The Monastero di San Benedetto in Monte (English: Monastery of St. Benedict on the Mountain) is a male Benedictine community located in southeastern Umbria, just outside the city of Norcia, Italy.

The monks exclusively use the Extraordinary Form of the Roman Rite as well as the traditional form of the Divine Office. They have become well known for their production of beer, the sale of which provides income for the monastery, as well as for their best-selling album of Gregorian chant.

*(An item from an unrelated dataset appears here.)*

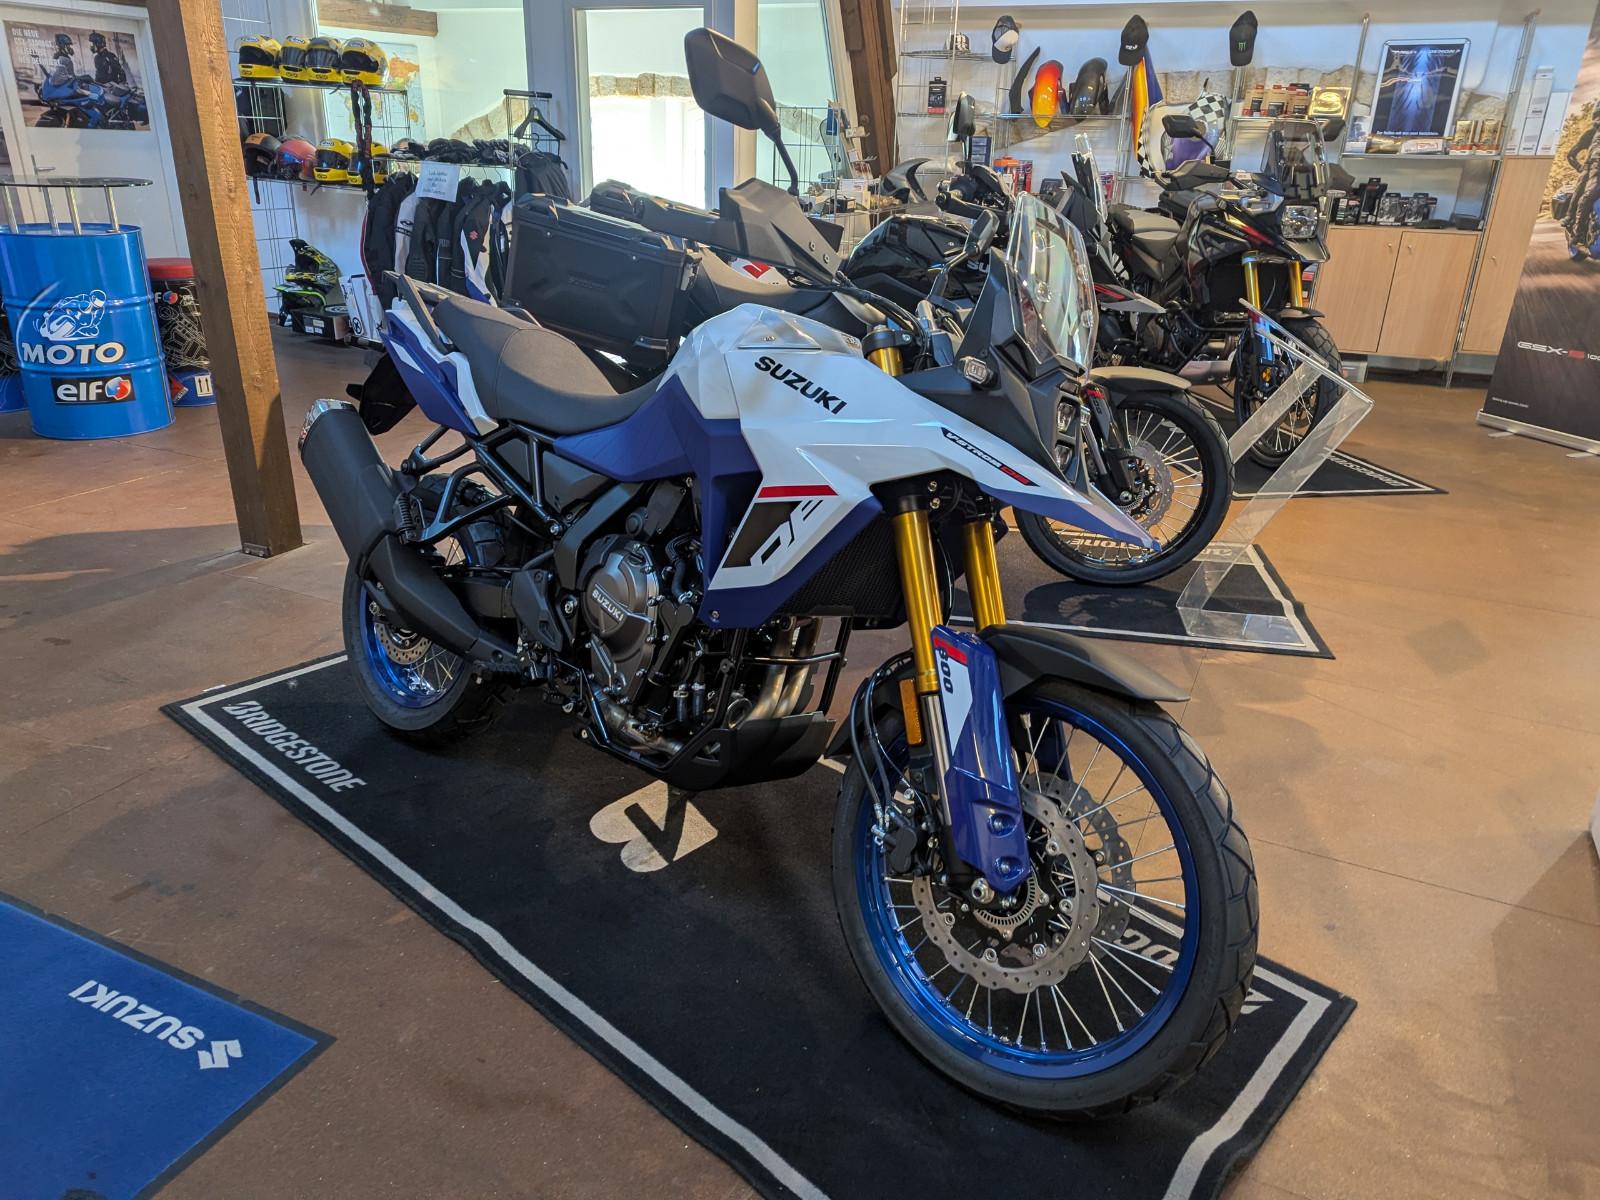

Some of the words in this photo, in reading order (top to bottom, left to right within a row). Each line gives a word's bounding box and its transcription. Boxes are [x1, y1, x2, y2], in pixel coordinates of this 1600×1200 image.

Until 2016, the monks were the custodians of the Basilica of San Benedetto in the center of Norcia, built above the birthplace of Saint Benedict of Nursia and Saint Scholastica. The Basilica and Monastery were destroyed in October 2016 in an earthquake which damaged much of Norcia and the surrounding area. As a result, the monks relocated to an abandoned Capuchin monastery and church located on a hillside 1.6 miles (2.6 km) east of the center of Norcia, where they have constructed temporary accommodations and are constructing a larger, permanent monastery.

History
In the 8th century an oratory was built in Norcia so pilgrims could pray at the place of St. Benedict's birth.  Monks came to Norcia in the 10th century, and remained in one form or another until 1810, when the Napoleonic Code forced the closure of the monastery.  The current Benedictine community was founded in September 1998 by Fr. Cassian Folsom, an American monk of St. Meinrad Archabbey in Indiana, who served as its first prior. He and two other monks began the community in Rome, before moving to Norcia in December 2000 at the invitation of the Archbishop of Spoleto-Norcia. They were charged to care for the Basilica of San Benedetto and for the many visiting pilgrims, and the community grew steadily over the years. The monastery was canonically established in 1999 and became an independent priory sui iuris in 2018 in the Benedictine confederation under the jurisdiction of the Abbot Primate.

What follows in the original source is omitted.